Giants quarterback Daniel Jones is sacked by Eagles defensive end...

Giants quarterback Daniel Jones is sacked by Eagles defensive end Josh Sweat during the NFC Dvisional Round playoff game on Saturday in Philadelphia Credit: Newsday/William Perlman

 PHILADELPHIA

Brian Daboll called it a “crash landing,” a phrase that captures the disappointing end of this Giants season but also the impressive and unexpected heights it reached.

The Giants were outplayed, outcoached, outmuscled, outeverythinged by the Eagles in a 38-7 loss in Saturday night’s NFC Divisional playoff game at Lincoln Financial Field. It was an embarrassingly lopsided result, a loss that served as a crystal-clear reminder of just how far from the upper echelon of the league these Giants remain.

Of course, the Giants knew the gap was great coming into the game. It’s why Daboll tried to conjure some success with risky maneuvers such as a fourth-down conversion on the opening drive, a play that, like so many others on this sad night, went awry. Daniel Jones was sacked and the Eagles stormed down the field for their second touchdown. By the time Jones threw an interception to former teammate James Bradberry on the next possession, the competitive portion of the night was a memory.

Between Dallas Goedert delivering a dismissive upside-the-head stiff-arm to Adoree’ Jackson before beating Xavier McKinney on the opening touchdown — whupping the two defensive starters who were not on the field during the earlier meeting and were supposed to make a difference this time — and Boston Scott, the Giants Killer whom the Giants denied was so, scoring a late second-quarter touchdown, there was never a time in the game when the Giants were what any rational person would call competitive.

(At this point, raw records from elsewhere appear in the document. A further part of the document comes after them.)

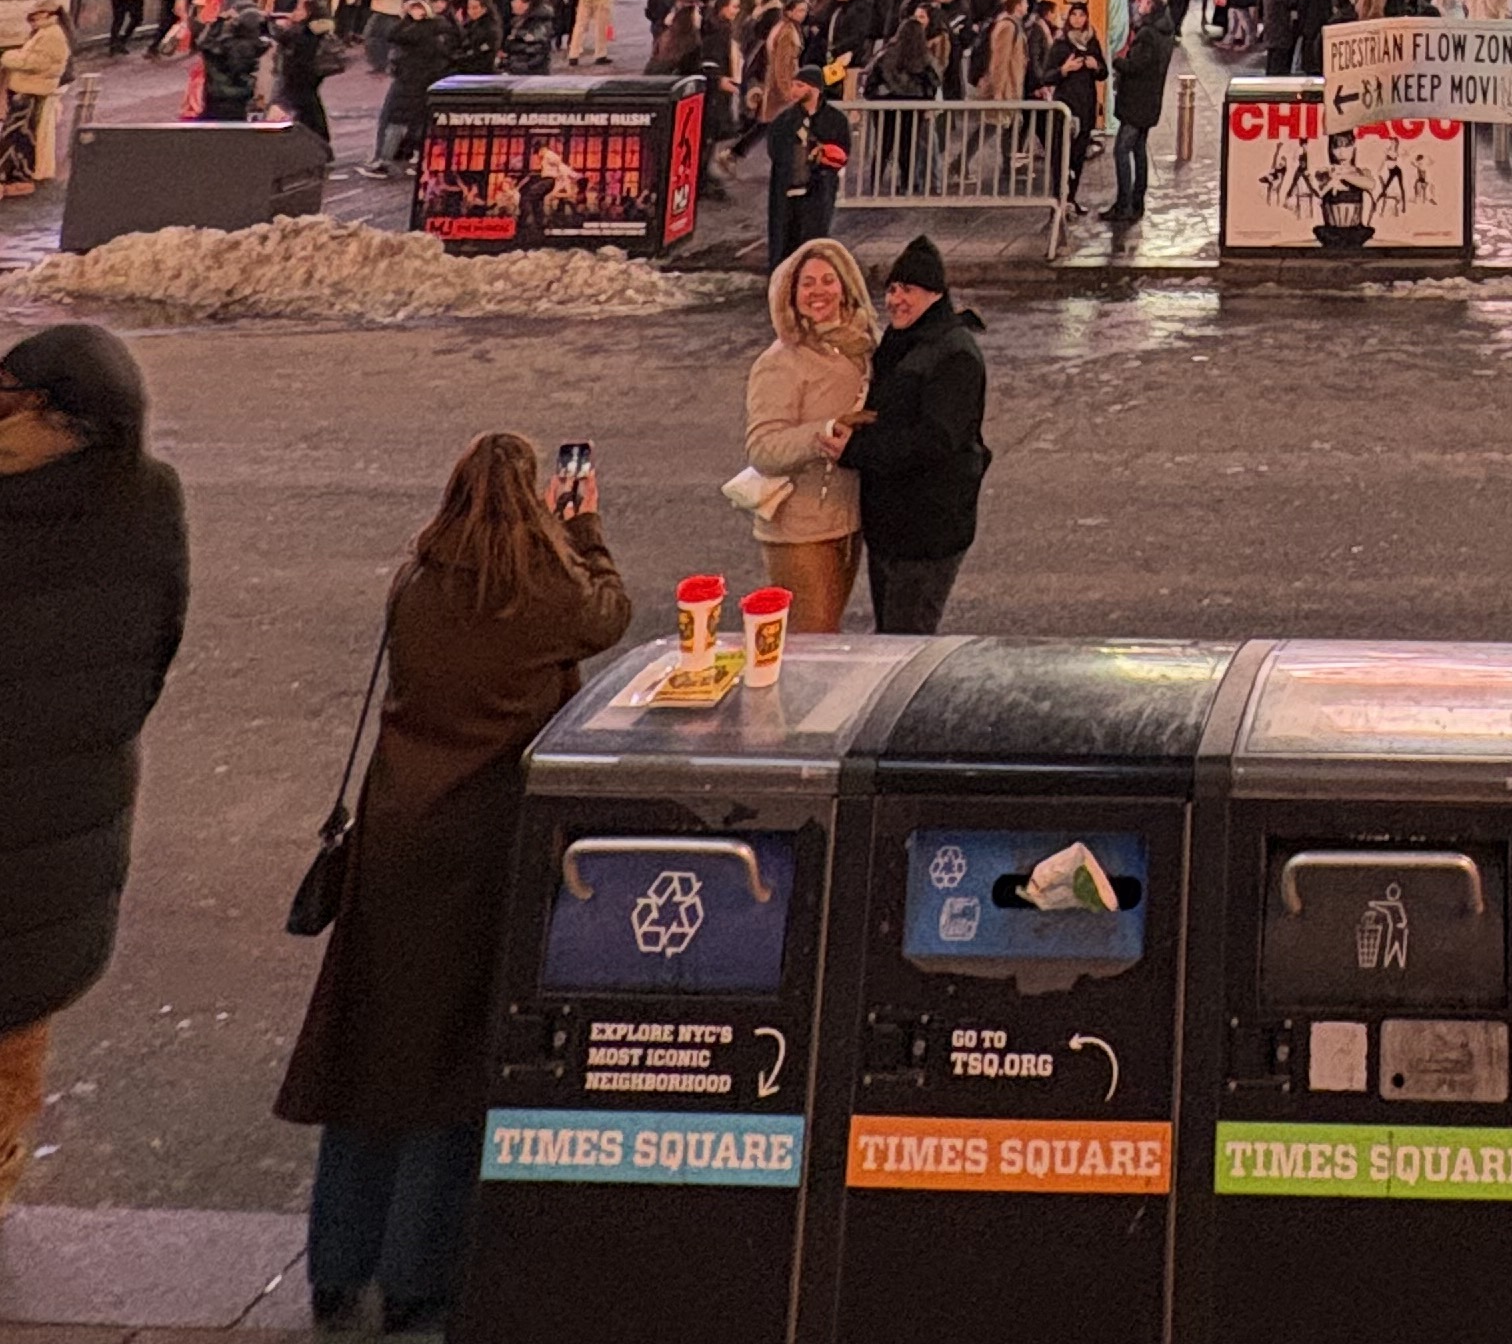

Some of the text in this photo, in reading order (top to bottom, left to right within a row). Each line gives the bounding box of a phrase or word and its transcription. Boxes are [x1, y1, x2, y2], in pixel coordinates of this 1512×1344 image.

[1330, 33, 1404, 72] PEDESTRIAN
[1411, 31, 1467, 63] FLOW
[1390, 73, 1442, 104] KEEP
[447, 112, 516, 126] RIVETING
[517, 113, 609, 126] ADRENALINE
[1230, 103, 1464, 140] CHIAGO
[589, 1022, 734, 1044] EXPLORE NYC'S
[952, 1029, 1006, 1049] GO TO
[586, 1047, 712, 1069] MOST ICONIC
[950, 1052, 1053, 1078] TSQ.ORG
[584, 1071, 733, 1094] NEIGHBORHOOD
[494, 1127, 795, 1172] TIMES SQUARE
[858, 1134, 1163, 1178] TIMES SQUARE
[1224, 1140, 1358, 1179] TIMES
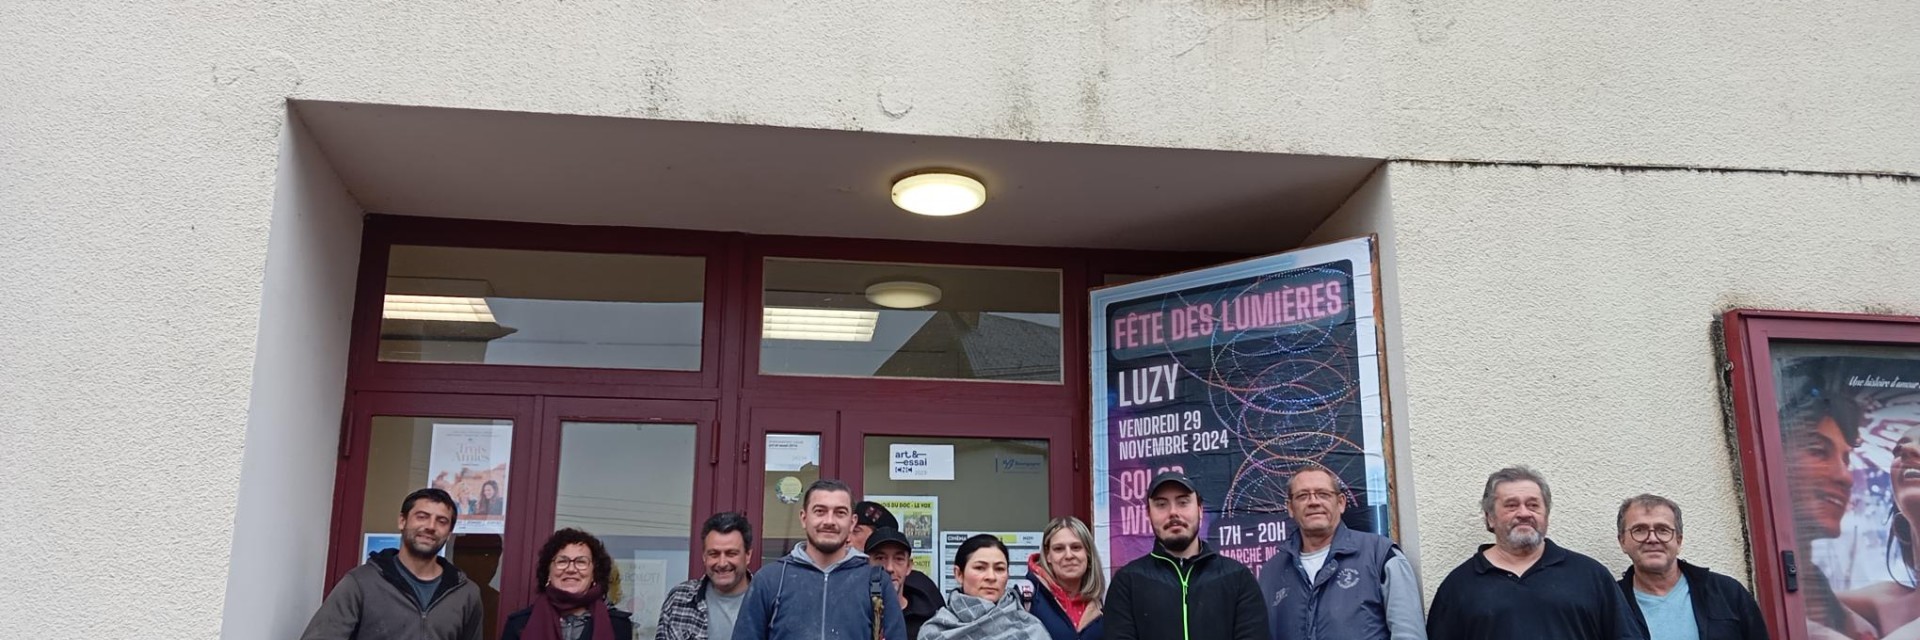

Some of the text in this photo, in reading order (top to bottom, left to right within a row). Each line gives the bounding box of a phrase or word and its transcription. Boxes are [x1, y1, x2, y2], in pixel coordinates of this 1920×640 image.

[1114, 280, 1343, 349] FÊTE DES LUMIÈRES
[1118, 363, 1179, 408] LUZY
[1118, 410, 1201, 439] VENDREDI 29
[895, 451, 911, 459] art
[1119, 429, 1229, 461] NOVEMBRE 2024
[904, 458, 927, 466] essai
[1219, 525, 1241, 546] 17H
[1257, 521, 1287, 543] 20H
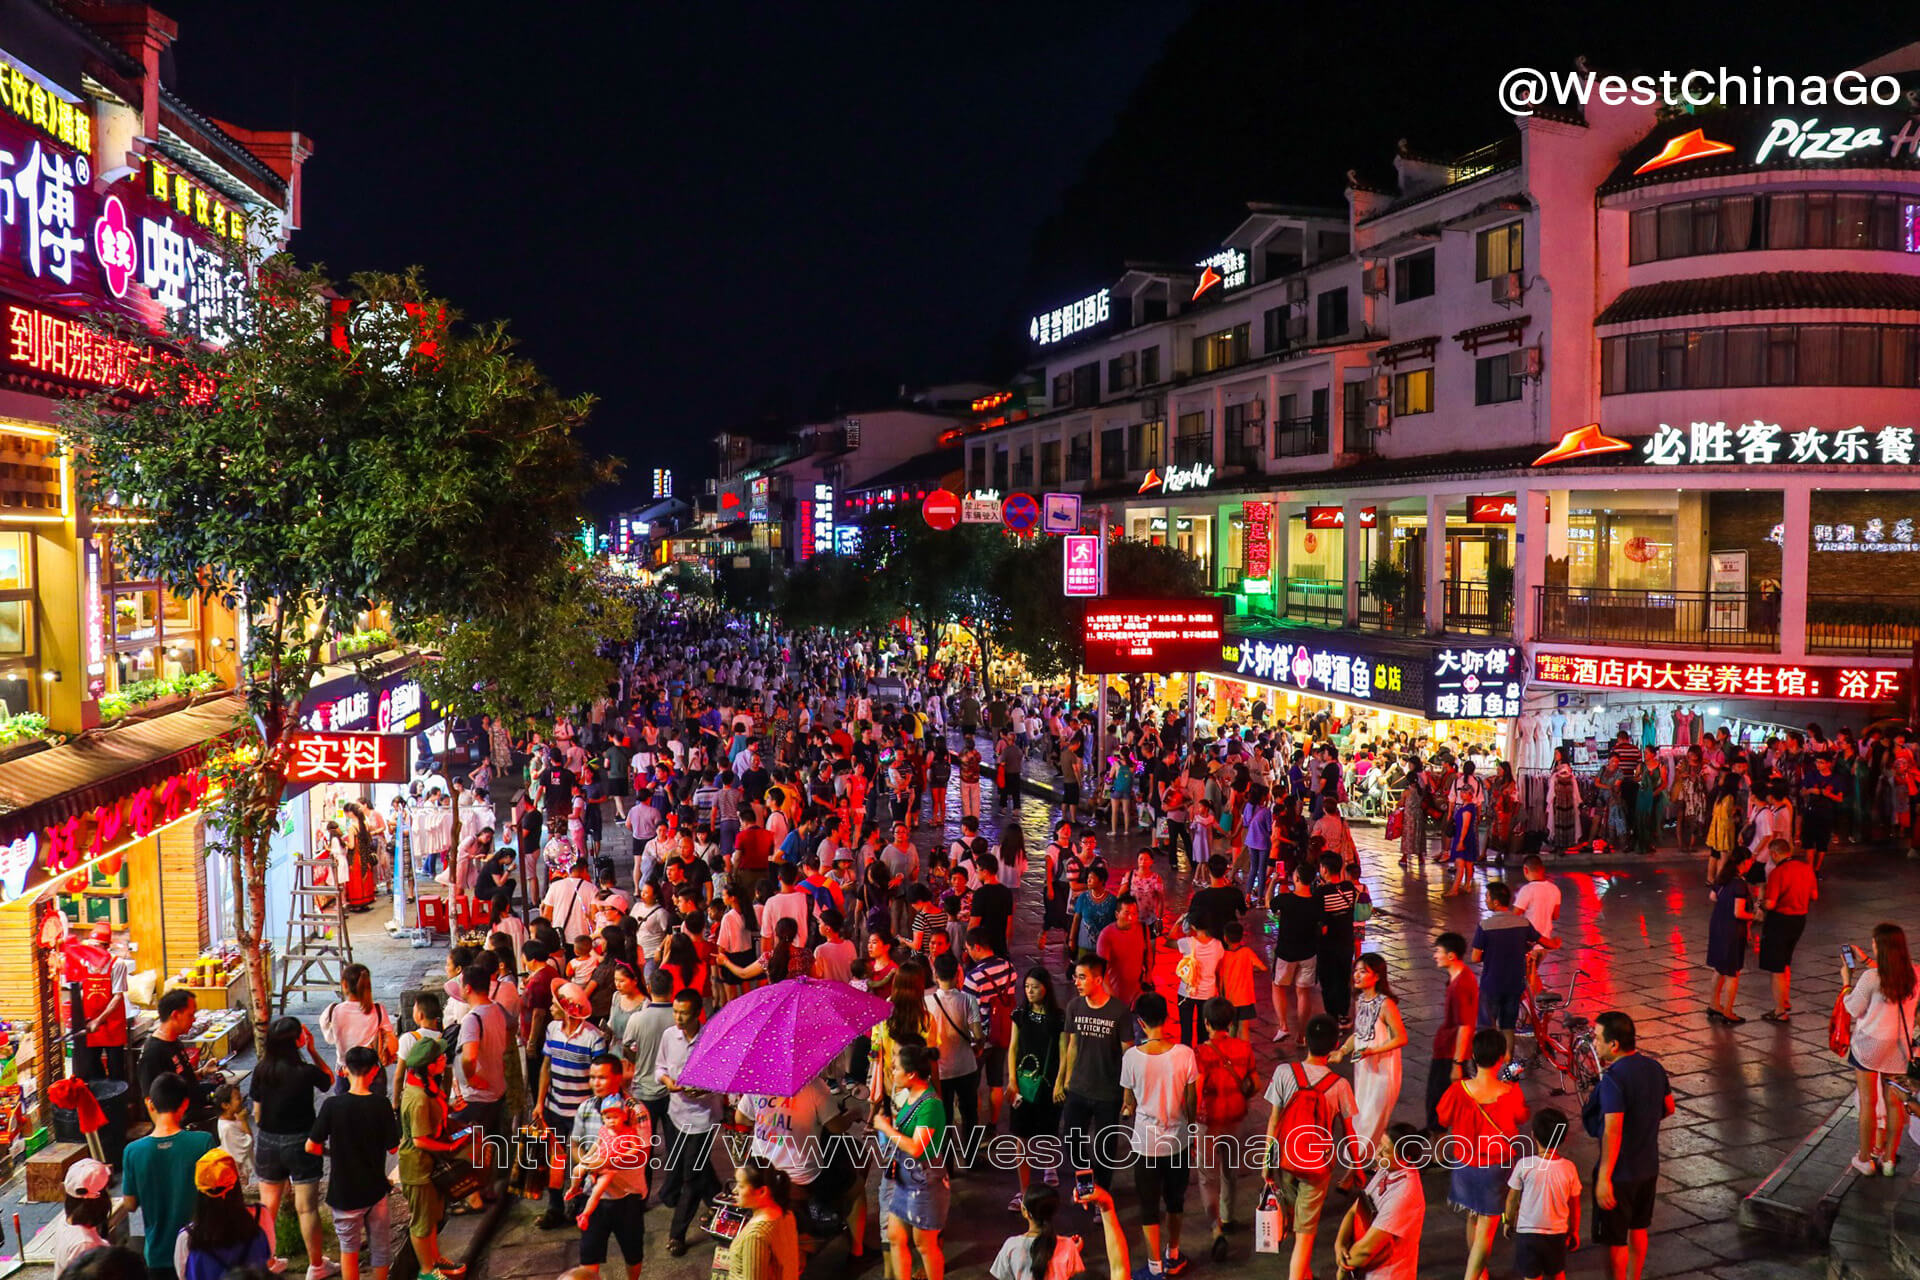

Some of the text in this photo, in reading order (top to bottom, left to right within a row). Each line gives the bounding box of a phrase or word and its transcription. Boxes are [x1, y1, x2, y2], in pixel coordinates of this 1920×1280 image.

[1755, 118, 1920, 164] Pizza H
[1162, 462, 1215, 494] Pizza Hut
[964, 501, 999, 510] 禁止一切
[964, 511, 999, 520] 车辆驶入
[1237, 638, 1402, 698] 大师傅 啤酒鱼 总店
[1435, 648, 1509, 676] 大师傅
[1436, 692, 1504, 719] 啤酒鱼
[1504, 682, 1520, 717] 总店
[281, 735, 387, 780] 实料
[1074, 1016, 1115, 1028] ABERCROMBIE
[1083, 1024, 1101, 1033] FITCH

By halftime, enjoying a 28-0 lead, even the raucous fans already had tired of booing the Giants. So hoarse were they from singing their own fight song, so dismissive were they of their opponents’ abilities, that they barely lifted a finger in sending them home up the Turnpike.

Final score: Eagles really good, Giants not so much.

But the disappointment of this one game should not overshadow the successes the Giants were able to build this season, the restoration of pride (albeit hard to squeeze from this particular experience) brought back to the franchise.

The foundation of future wins was forged during the past 12 months, from the days last January when Joe Schoen and then Daboll were introduced as the new shepherds of the Giants’ legacy, to the meaningful games in December and early January that brought them to the playoffs for the first time since 2016, through last week’s rousing Wild Card victory over the Vikings, and all the way up to and including this humbling result.

Need to know what getting a young quarterback and first-time coach to the playoffs can yield, even if it winds up a lopsided loss? Last year it was the Eagles who were blown out of their postseason, 31-15, by the Bucs. They banked those lessons and improved their roster in the offseason. Look at them now, one win away from the Super Bowl.

That doesn’t mean the Giants will be hosting the NFC title game or booking trips for the big game in Vegas a year from now.

What this season did, though, is make that possibility much less laughable.

“I’m proud of what we came from, these last two years, just to see the growth we made as a team,” McKinney said after the game. “It’s been great to see and great to be a part of. We’re looking to build more. We’re not there yet.”

There is work to do, clearly. Areas requiring upgrades are all over this team. Huge decisions loom on Jones and Saquon Barkley, both of whom have expiring contracts. While they are the reason the Giants got as far as they did this season, the Giants ultimately may decide they can do better (or slightly worse but much cheaper) at either or both of the key positions. They, along with many of their teammates, may have spent their final hours in a Giants uniform on Saturday.

Some of the coaches may be moving along, too. The top two coordinators, Wink Martindale and Mike Kafka, are scheduled to interview for head coach openings on Sunday. Saturday’s game plans likely won’t top their resumes, but there is a chance another team will try to capture the zeitgeist Daboll brought to the Giants that allowed for the quick turnaround.

Giants playoff history is so peppered with memorable upsets and improbable runs that it sometimes can be hard to remember this truth: Most of the time it’s the better team that wins.

The Giants were not that team on Saturday night.

Overall, though, things are looking up for them.

They spent most of the past decade as a laughingstock in the league.

That’s not who they are any longer . . . even if they had to spend one more night feeling that familiar indignity.